Six years ago, Savor Life radio host Michael Warren Thomas, along with Break the Ice Media’s Nicole Mahoney, launched New York Winespotting, a project that documented the actual number of Finger Lakes wines available in Rochester-area restaurants. “People talked about how few there were, but we didn’t know how few,” he says. Thomas set about visiting every restaurant in the Greater Rochester area, looking at wine lists, and measured wines both by the glass and by the bottle. The final tally Thomas produced was an abysmal seven percent by the glass. Right now, with new restaurants having opened since and others having closed, he’s working on an updated list and estimates that the final tally will be around thirteen or fourteen percent. The number of Finger Lakes wines by the glass doubling may be an improvement, but for Thomas and many others who work in the wine industry, that’s not enough.
Travel to any other world-class wine region, and you’ll see that the wines on that list are primarily wines from that region. Thomas has observed this on the restaurant lists of Spokane, Washington, which is close to the Walla Walla Valley American Viticultural Area (AVA), and wants to see Finger Lakes wines in Rochester restaurants at seventy-five percent by-the-glass. “We’re the only major wine region that doesn’t support its own wines,” Thomas observes. Winemaker Steve Shaw notes that even nearby Niagara-on-the-Lake, just over the Canadian border, has wine lists mostly composed of wines from that region. “The Finger Lakes region is way behind other areas of the world in terms of regional wine representations on wine menus,” he says.
Local restaurateurs, by and large, are mostly focused on catering to the locals, whose taste they believe either skews elsewhere or simply don’t value local wines. However, as Dan Mitchell, sales manager at Fox Run Vineyards in Penn Yan points out, the lack of local wine options can be baffling to the outsider: “There’s always a disconnect when a traveler comes from another region and sees these great, high-quality restaurants that aren’t giving local wine options.” The problem is not unique to Rochester. Restaurants in Syracuse and even the progressive-minded Ithaca have had a hard time getting on board with putting Finger Lakes wine on their menus, and a recent survey put the state capitol of Albany at a meager four percent New York by the glass.

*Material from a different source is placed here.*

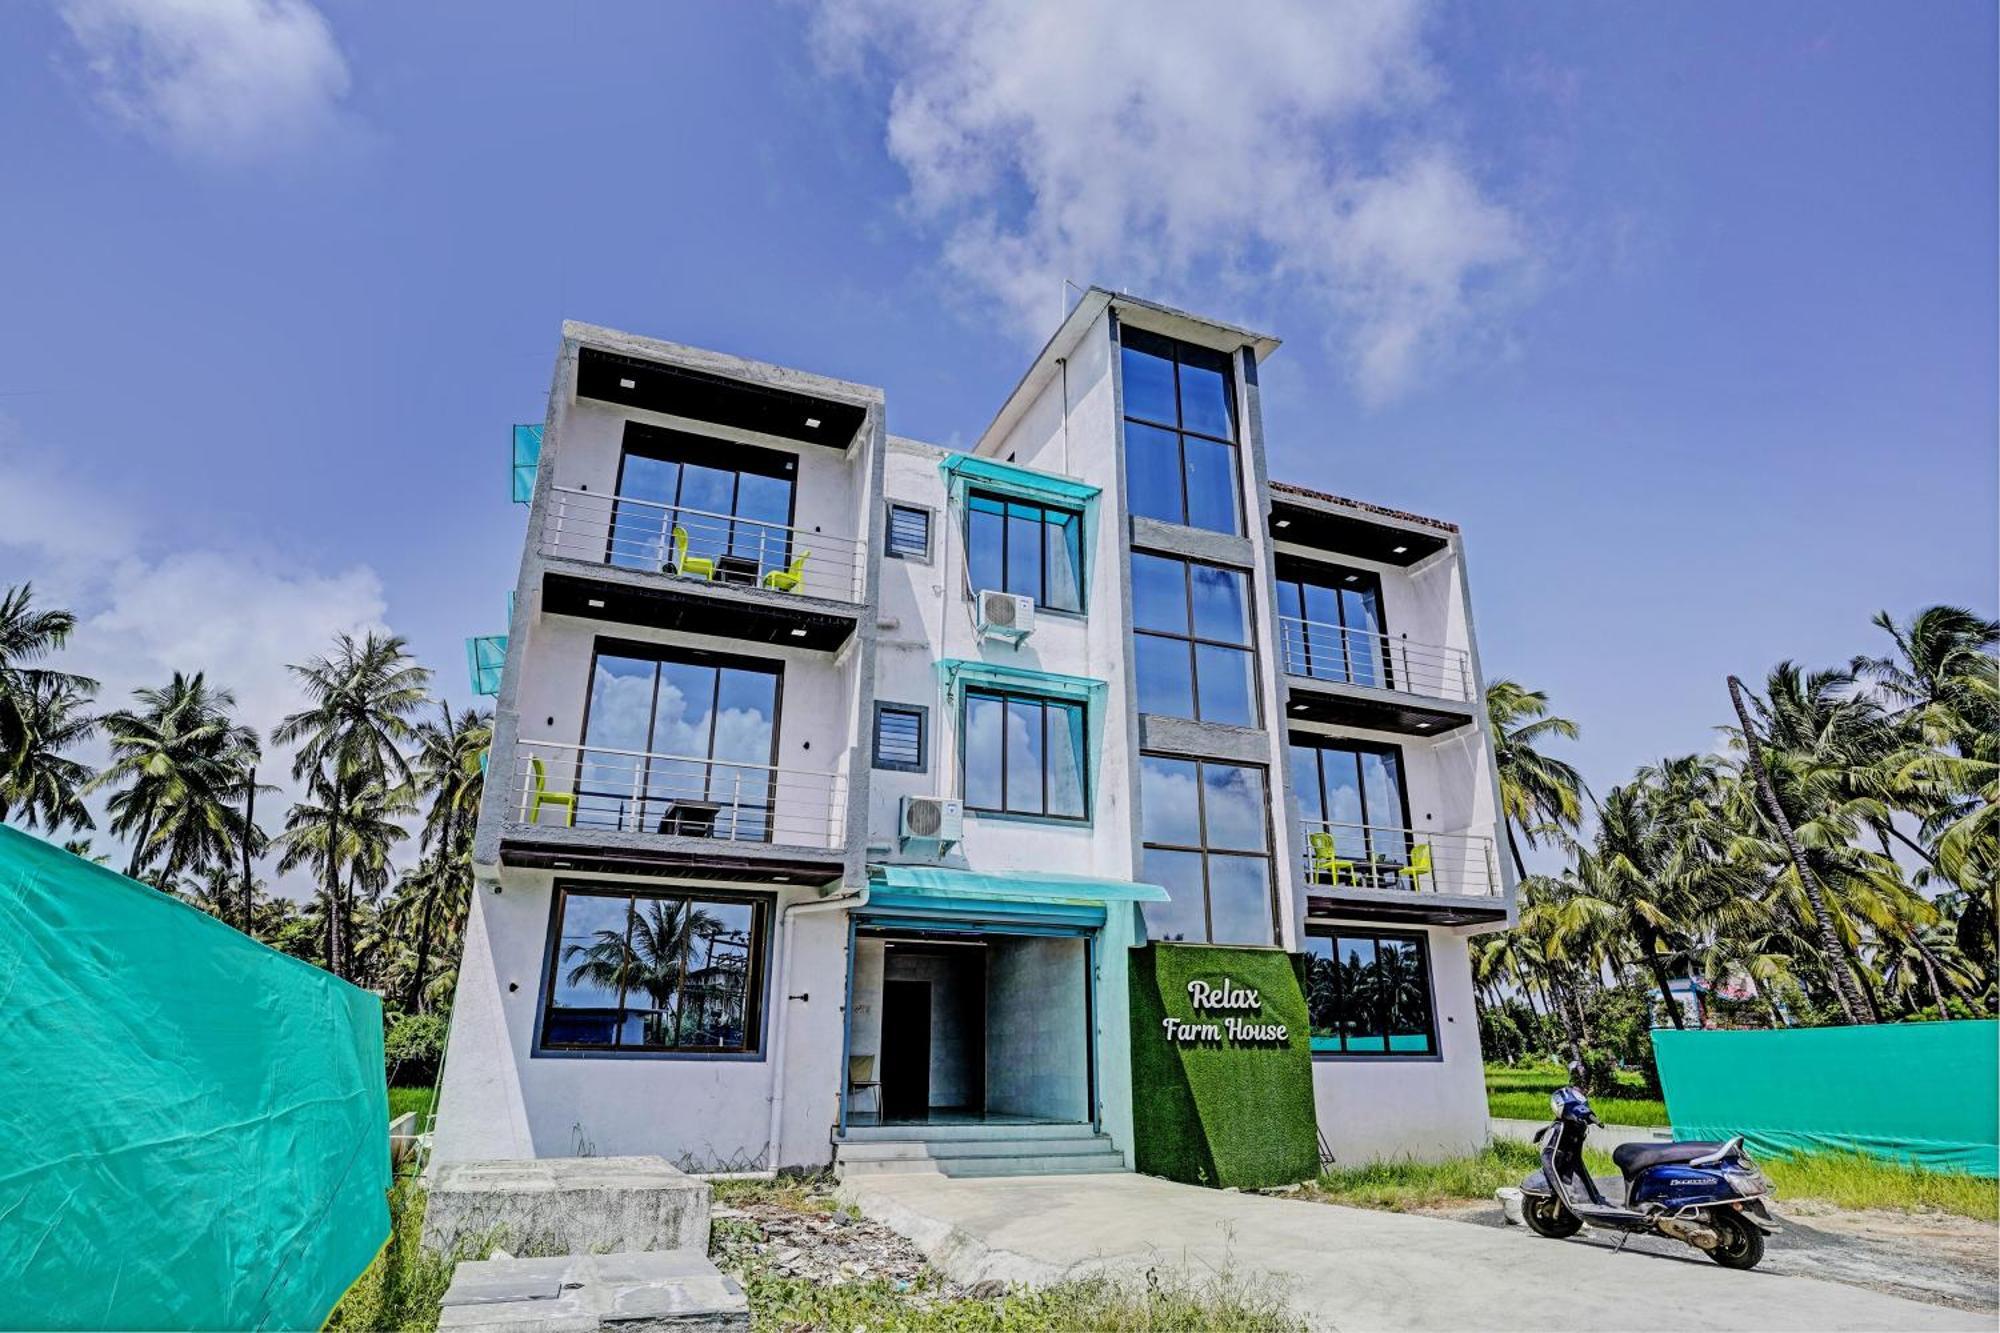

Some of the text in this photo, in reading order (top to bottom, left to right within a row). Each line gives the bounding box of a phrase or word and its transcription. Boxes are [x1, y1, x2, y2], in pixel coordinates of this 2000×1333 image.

Finger Lakes wines are sold in forty countries and have placed first in the white wine category in the prestigious San Francisco Chronicle wine competition four out of the last eight years. Hermann J. Wiemer is carried by 400 restaurants in New York City alone. And in 2015, Wine Enthusiast, a publication with a circulation of nearly one million, awarded New York “Wine Region of the Year.” Yet this reputation is rarely reflected on Rochester-area wine lists. “I find that when I go into the New York City market, we’re welcome with open arms. People are seeking out Finger Lakes wines,” says Katie Roller, who handles marketing and public relations for Wagner Vineyards in Lodi, as well as sales for the metropolitan New York City market. “It is far too often in our own backyard, we’re our own worst critics.” She characterizes restaurant sales in the Rochester market for Wagner as “lackluster.”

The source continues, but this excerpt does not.